Phrase grounding data:

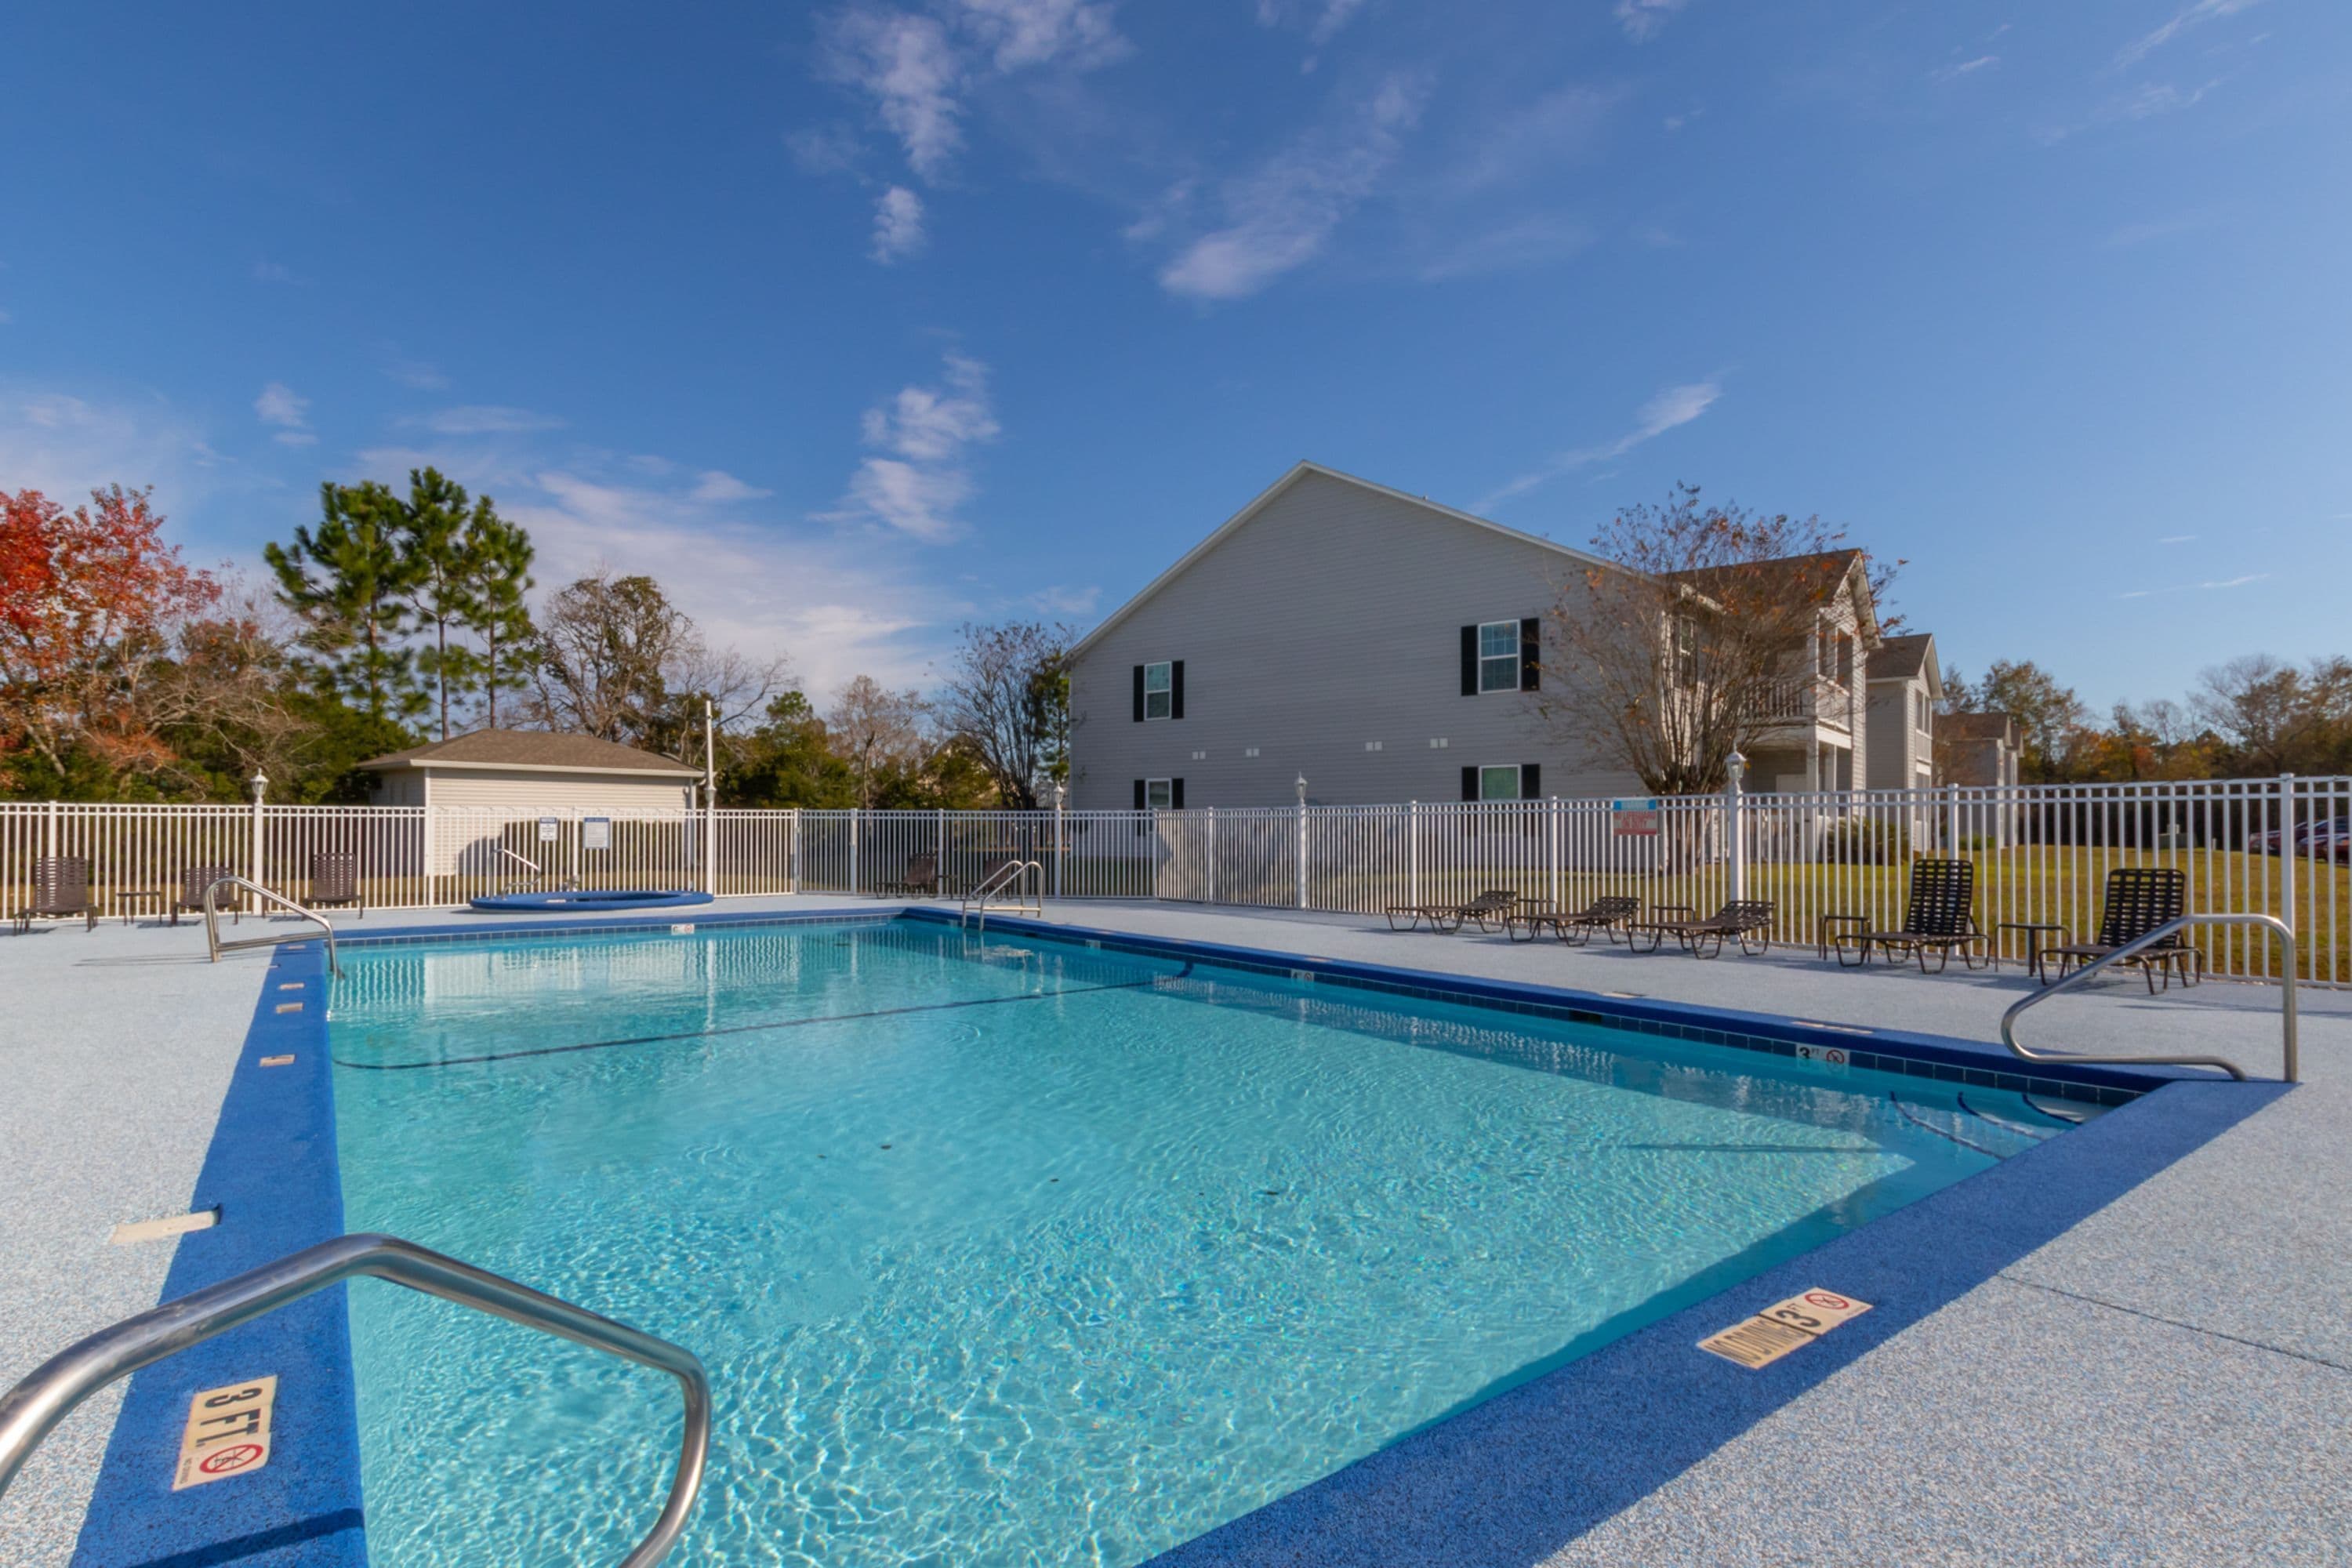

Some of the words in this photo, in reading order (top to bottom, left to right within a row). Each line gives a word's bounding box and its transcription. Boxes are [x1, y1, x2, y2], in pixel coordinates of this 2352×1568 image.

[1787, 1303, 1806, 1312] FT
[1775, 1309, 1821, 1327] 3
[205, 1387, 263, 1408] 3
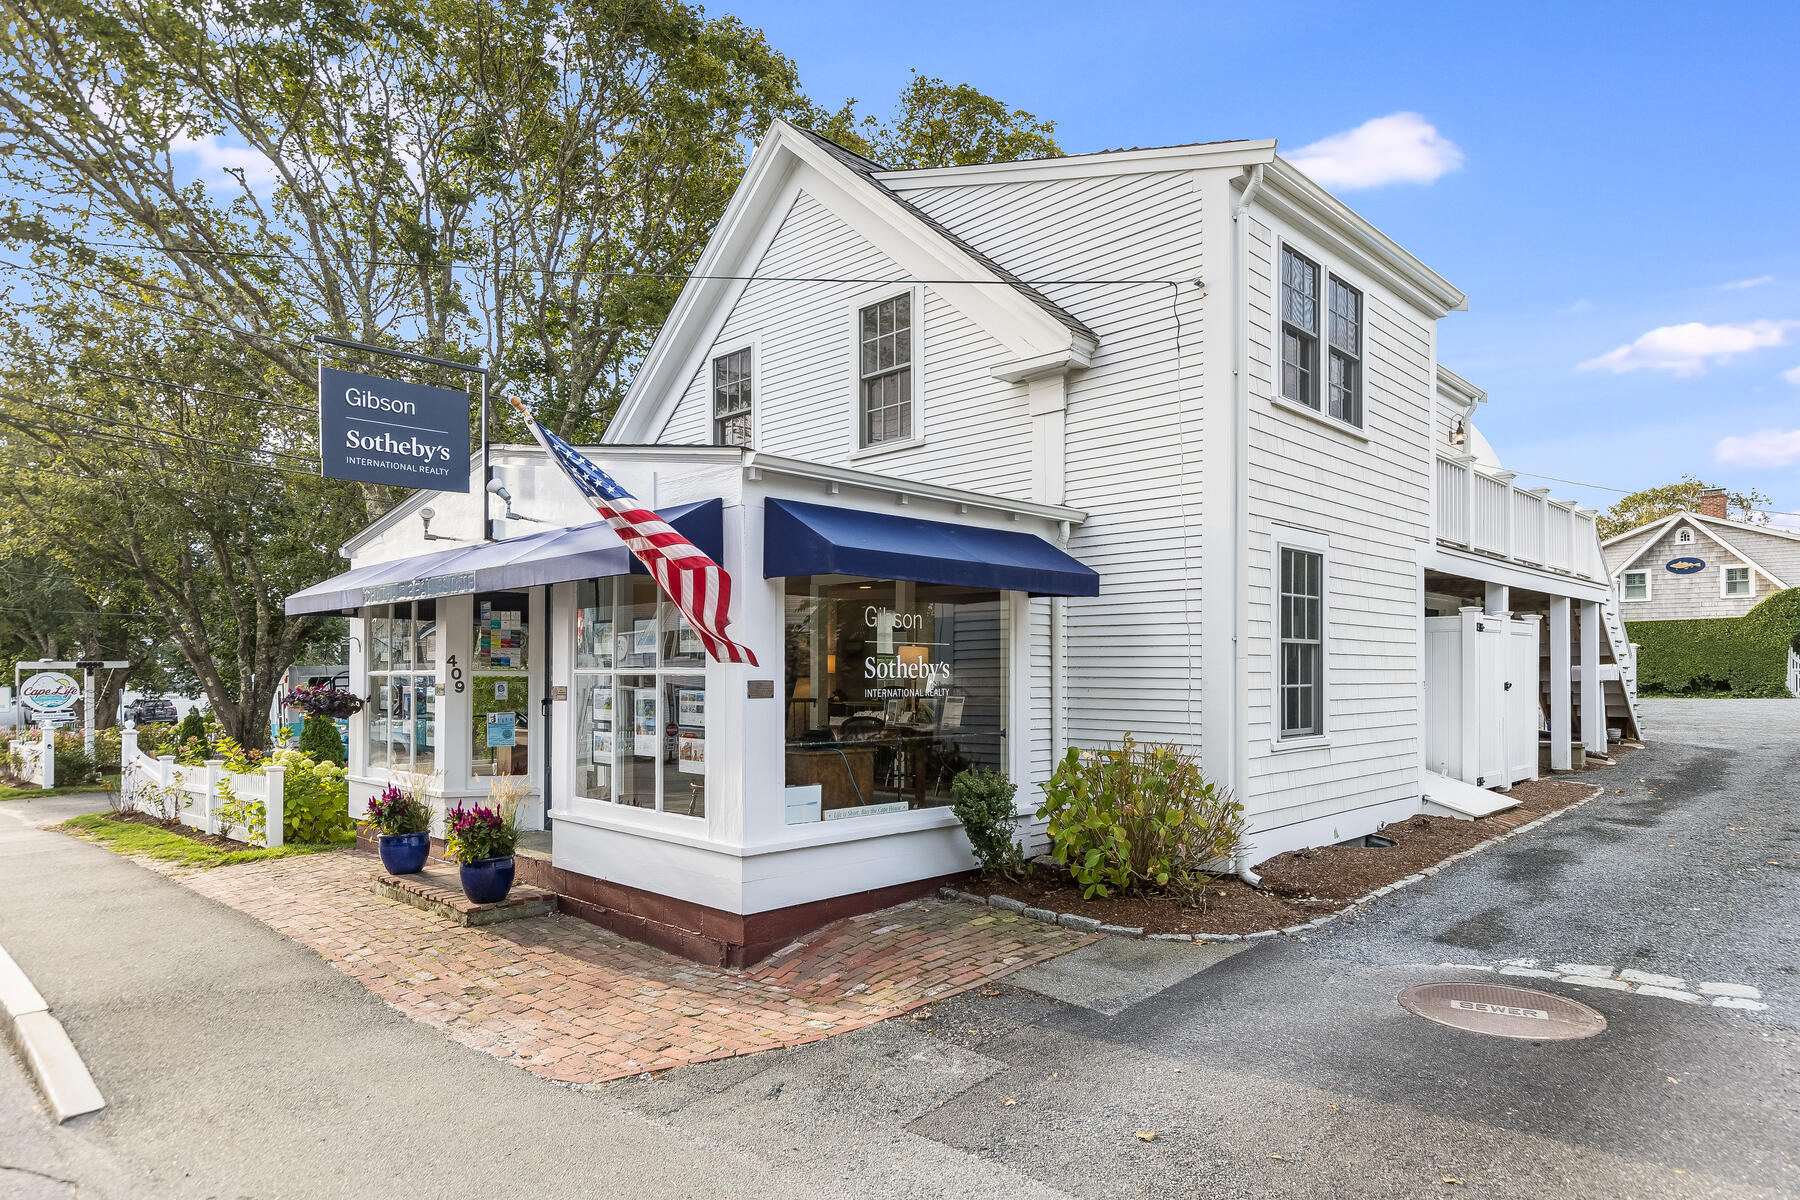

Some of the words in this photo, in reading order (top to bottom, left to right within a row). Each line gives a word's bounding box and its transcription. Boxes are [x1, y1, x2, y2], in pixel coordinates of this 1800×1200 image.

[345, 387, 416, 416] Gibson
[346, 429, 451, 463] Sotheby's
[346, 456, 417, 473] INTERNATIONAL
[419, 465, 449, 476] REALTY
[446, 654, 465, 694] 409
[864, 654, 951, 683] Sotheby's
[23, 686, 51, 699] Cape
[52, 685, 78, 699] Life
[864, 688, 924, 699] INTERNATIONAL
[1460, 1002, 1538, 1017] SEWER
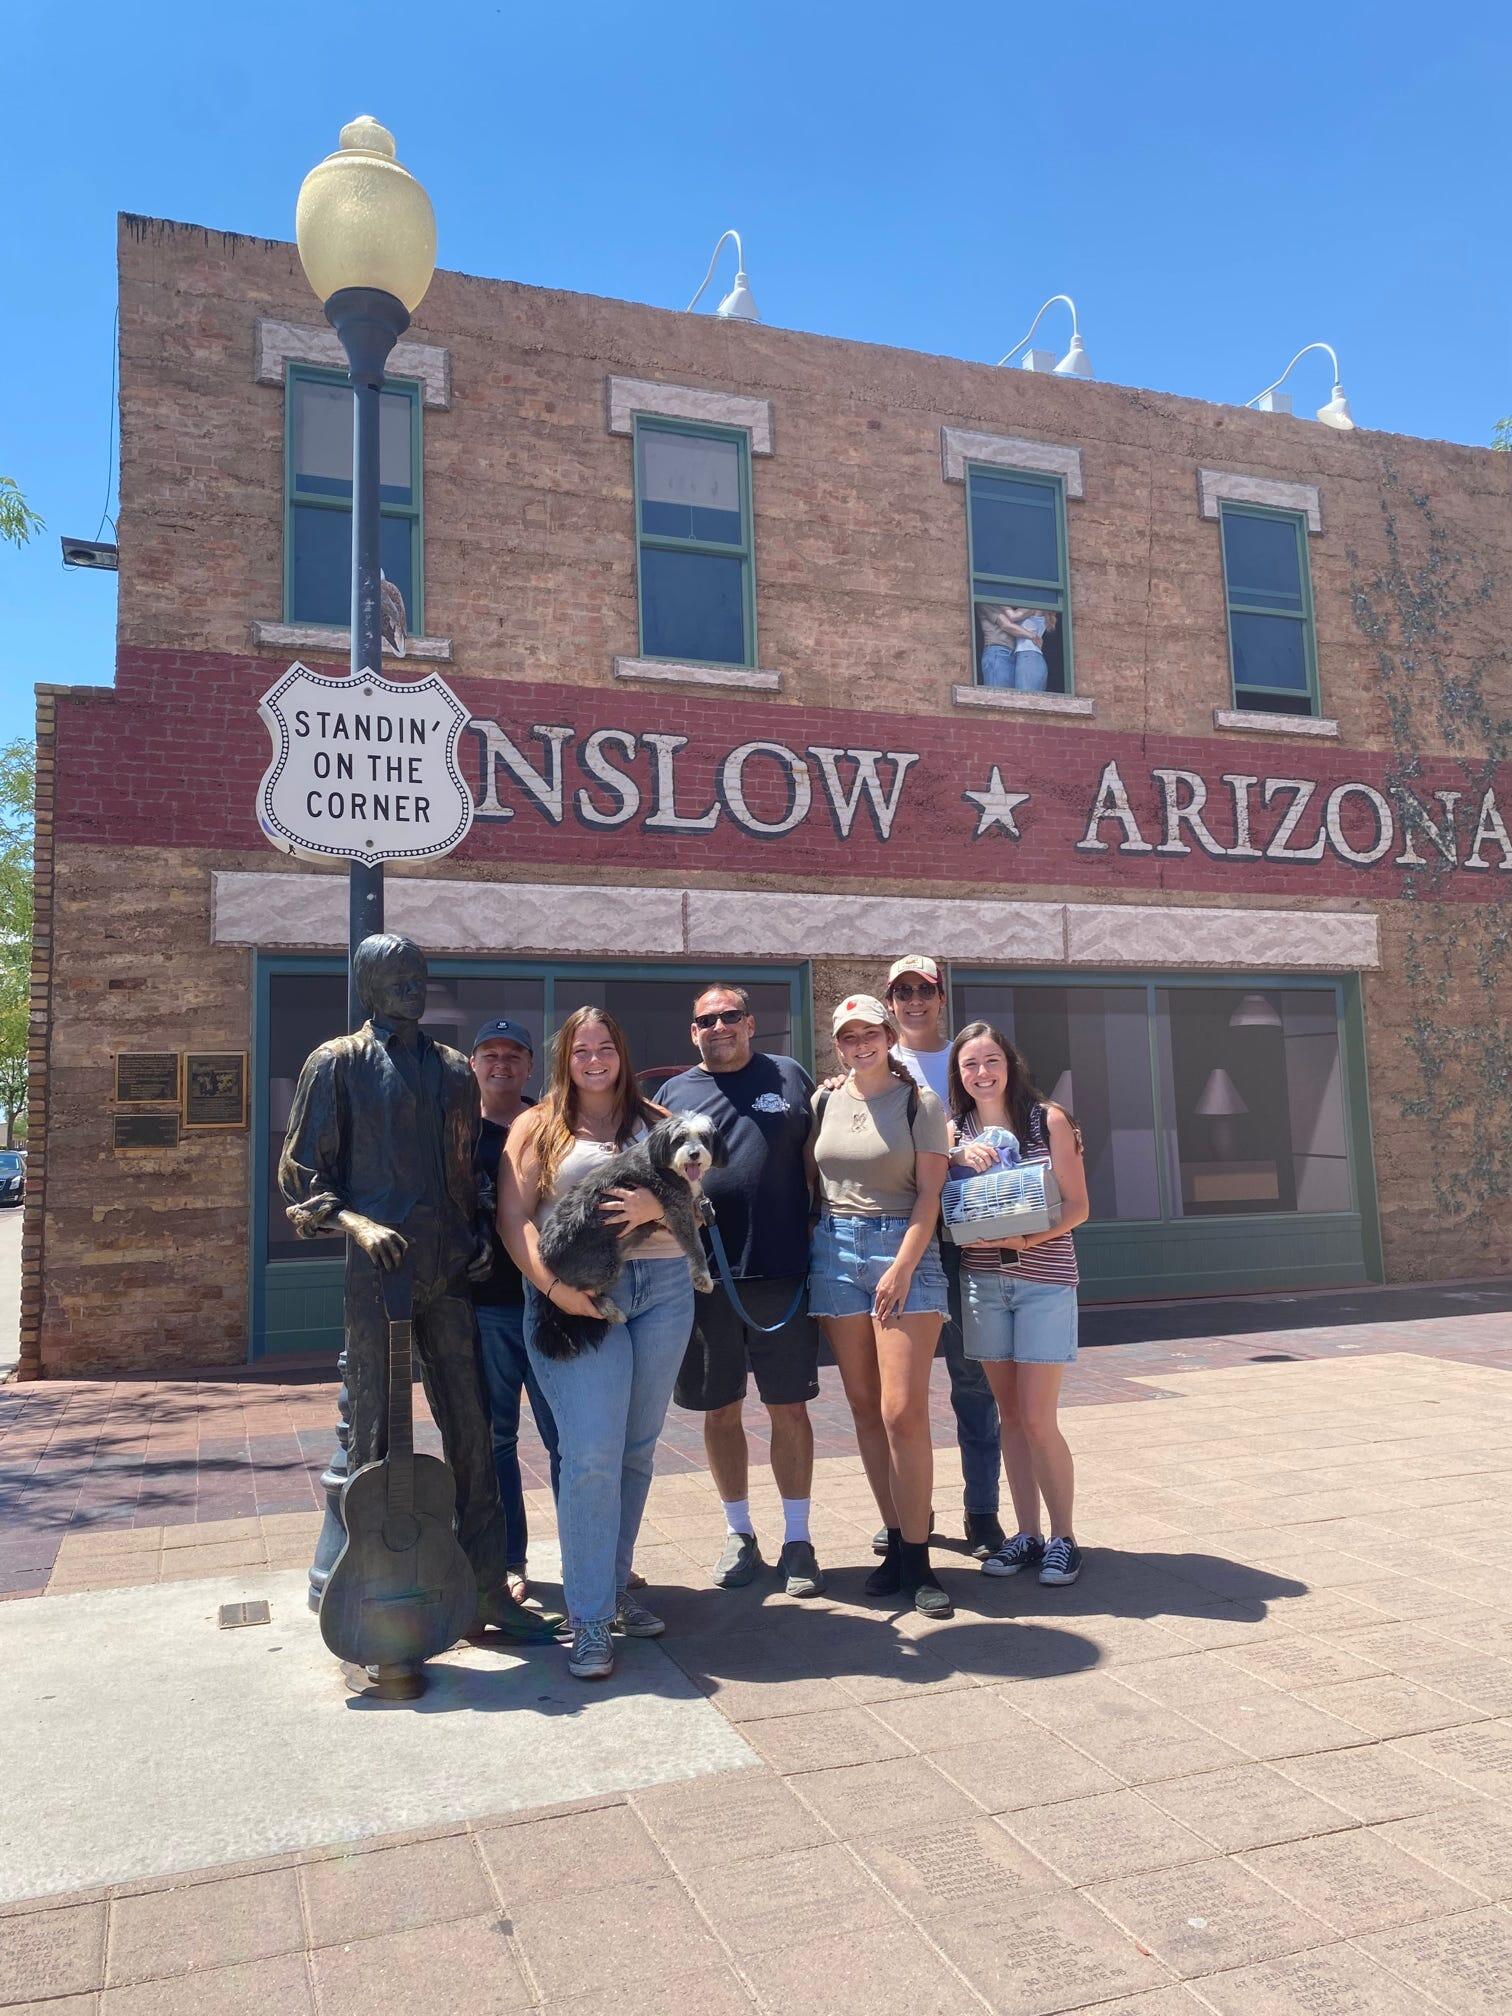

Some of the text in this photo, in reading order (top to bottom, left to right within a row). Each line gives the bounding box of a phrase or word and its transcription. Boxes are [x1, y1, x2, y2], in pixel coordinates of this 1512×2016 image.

- TASK PROMPT -
Drop every image, please, and write out the data above exactly as shown.

- SOLUTION TO THIS EXERCISE -
Some of the words in this photo, in reading order (top to bottom, left to right within a row). Each line gives a word's bounding box and its transcription. Boxes are [x1, y1, x2, y2], in pixel coordinates of this 2352×1568 image.

[1787, 1303, 1806, 1312] FT
[1775, 1309, 1821, 1327] 3
[205, 1387, 263, 1408] 3

Some of the words in this photo, in reading order (top to bottom, left to right within a row). Each line gives a word's bounding box and its transcription. Boxes are [x1, y1, x2, y2], in pixel coordinates of this 1800×1200 image.

[345, 387, 416, 416] Gibson
[346, 429, 451, 463] Sotheby's
[346, 456, 417, 473] INTERNATIONAL
[419, 465, 449, 476] REALTY
[446, 654, 465, 694] 409
[864, 654, 951, 683] Sotheby's
[23, 686, 51, 699] Cape
[52, 685, 78, 699] Life
[864, 688, 924, 699] INTERNATIONAL
[1460, 1002, 1538, 1017] SEWER

Some of the text in this photo, in reading order (top to bottom, left to right within a row). Each line gives the bounding box of a phrase or word and its transcription. Boxes are [x1, y1, x2, y2], in pixel coordinates of this 1512×2016 image.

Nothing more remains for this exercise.